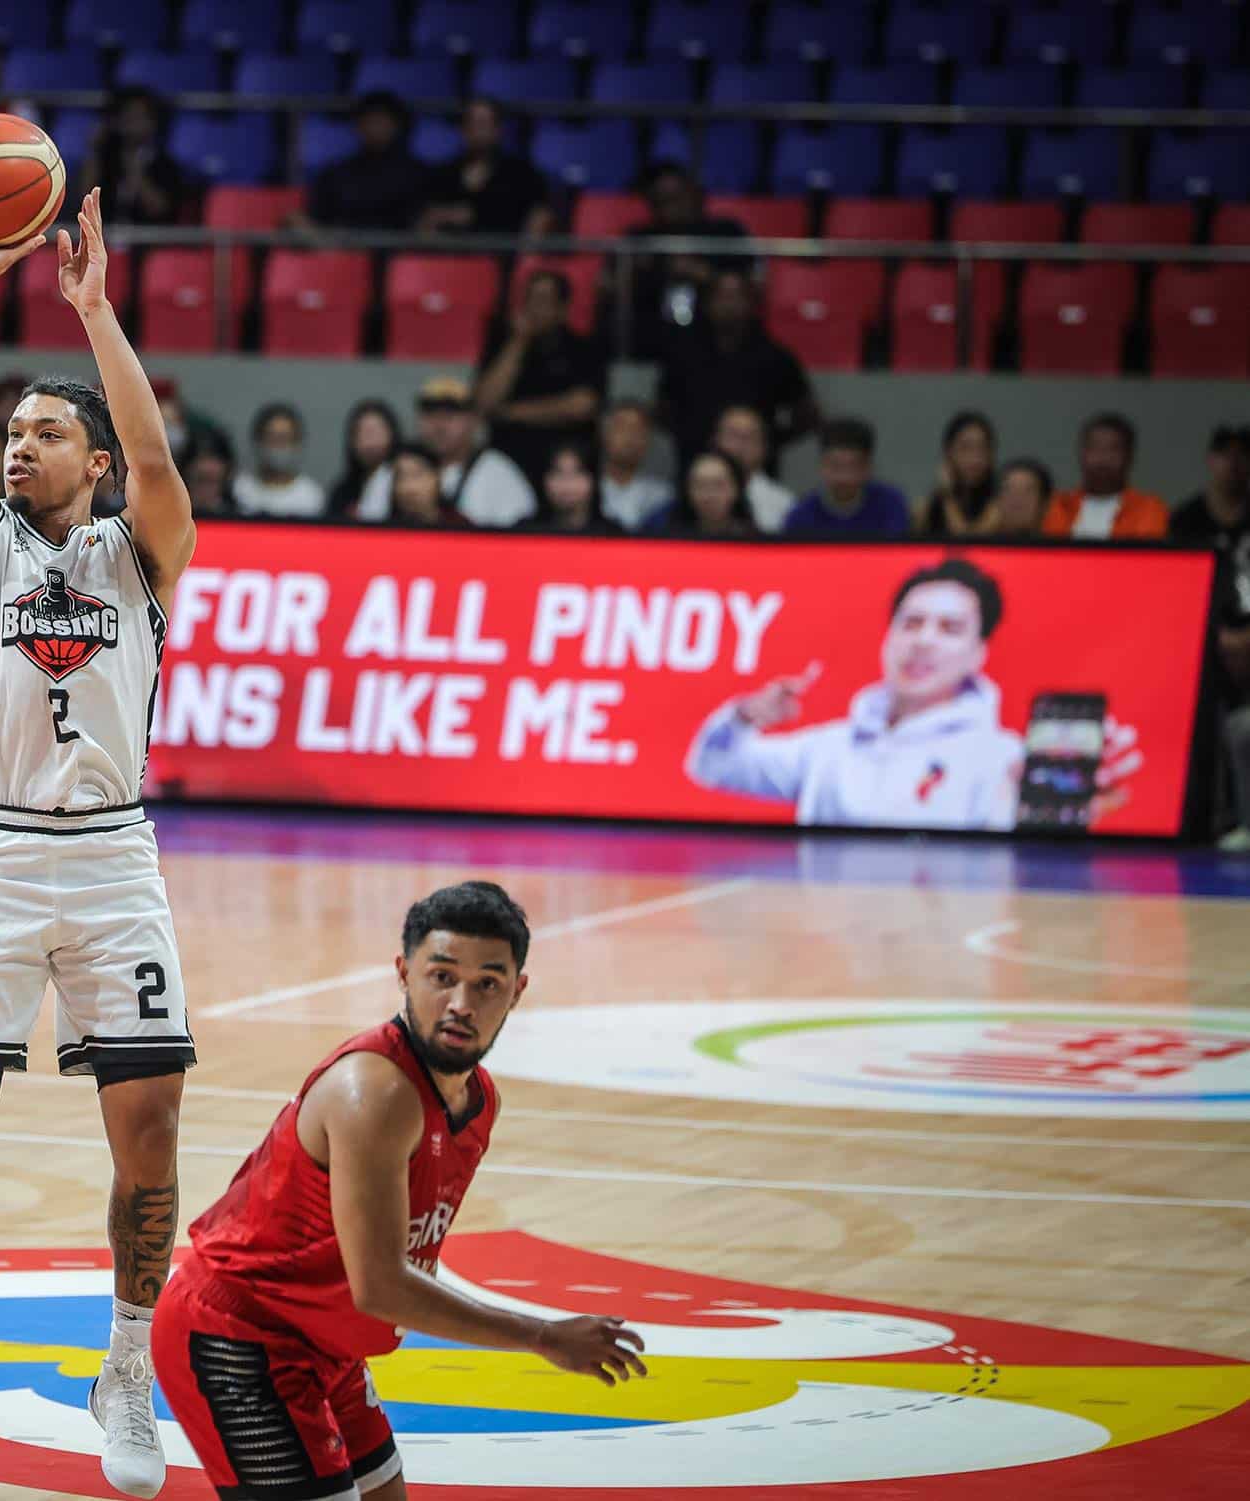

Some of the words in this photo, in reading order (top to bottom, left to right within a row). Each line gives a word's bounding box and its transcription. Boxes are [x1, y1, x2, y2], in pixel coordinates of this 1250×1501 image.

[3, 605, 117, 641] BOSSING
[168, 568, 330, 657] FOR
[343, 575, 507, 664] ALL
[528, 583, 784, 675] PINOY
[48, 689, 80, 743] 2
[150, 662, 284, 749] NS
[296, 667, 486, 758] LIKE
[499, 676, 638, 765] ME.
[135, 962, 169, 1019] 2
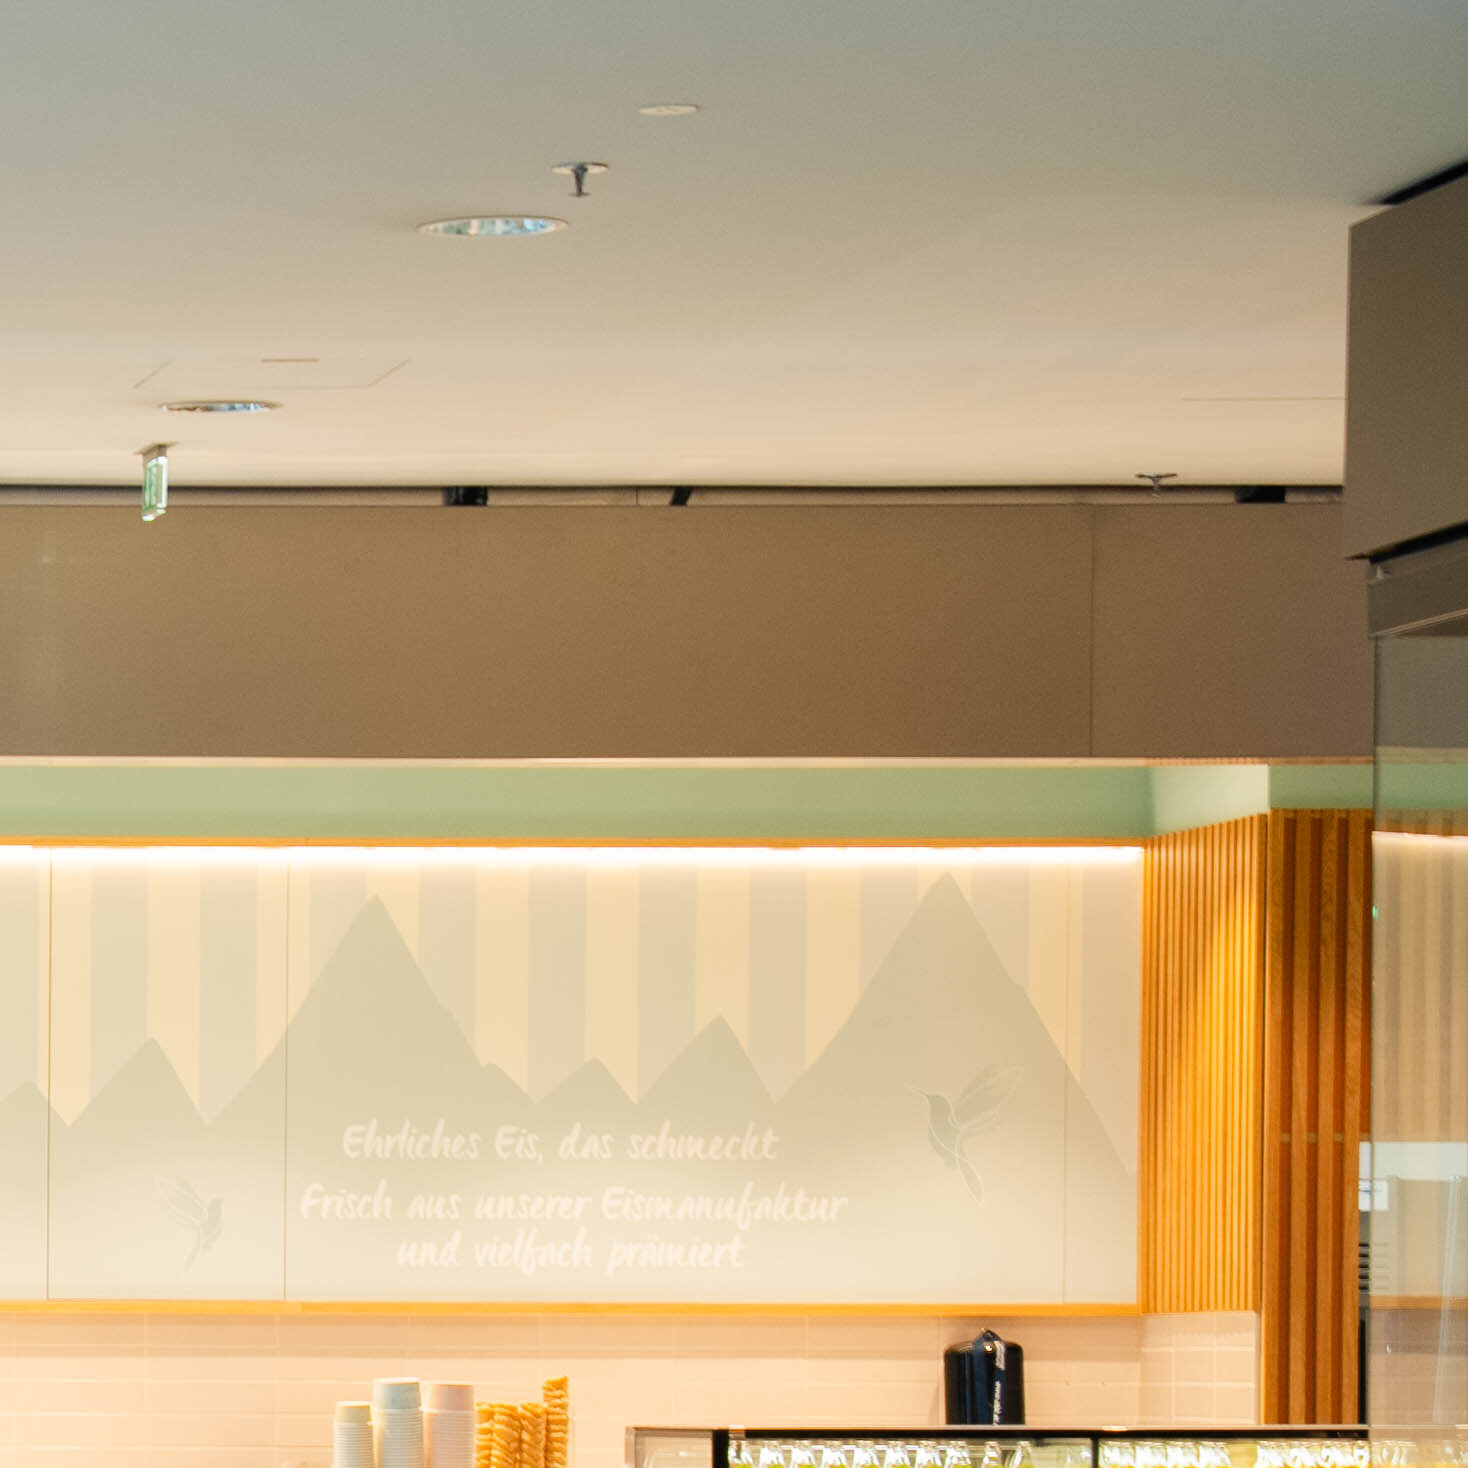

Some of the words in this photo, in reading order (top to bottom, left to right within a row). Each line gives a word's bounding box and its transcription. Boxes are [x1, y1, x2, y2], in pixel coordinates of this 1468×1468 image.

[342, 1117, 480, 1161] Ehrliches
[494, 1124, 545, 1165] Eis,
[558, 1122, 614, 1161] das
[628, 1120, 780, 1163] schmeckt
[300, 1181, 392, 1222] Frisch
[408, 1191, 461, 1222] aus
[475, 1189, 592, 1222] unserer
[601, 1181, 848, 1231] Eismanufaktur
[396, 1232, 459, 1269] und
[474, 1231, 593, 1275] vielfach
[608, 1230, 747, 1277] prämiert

++++++

Assignment:
Leave out the pictures and reproduce the rest of the listing exactly.

Answer to this task:
Some of the words in this photo, in reading order (top to bottom, left to right within a row). Each line gives a word's bounding box and its transcription. Boxes are [x1, y1, x2, y2], in pixel coordinates of this 1250×1501 image.

[3, 605, 117, 641] BOSSING
[168, 568, 330, 657] FOR
[343, 575, 507, 664] ALL
[528, 583, 784, 675] PINOY
[48, 689, 80, 743] 2
[150, 662, 284, 749] NS
[296, 667, 486, 758] LIKE
[499, 676, 638, 765] ME.
[135, 962, 169, 1019] 2

Some of the words in this photo, in reading order (top to bottom, left to right within a row). Each line gives a word's bounding box and its transcription. Boxes are [x1, y1, x2, y2], in pixel coordinates of this 1468×1468 image.

[342, 1117, 480, 1161] Ehrliches
[494, 1124, 545, 1165] Eis,
[558, 1122, 614, 1161] das
[628, 1120, 780, 1163] schmeckt
[300, 1181, 392, 1222] Frisch
[408, 1191, 461, 1222] aus
[475, 1189, 592, 1222] unserer
[601, 1181, 848, 1231] Eismanufaktur
[396, 1232, 459, 1269] und
[474, 1231, 593, 1275] vielfach
[608, 1230, 747, 1277] prämiert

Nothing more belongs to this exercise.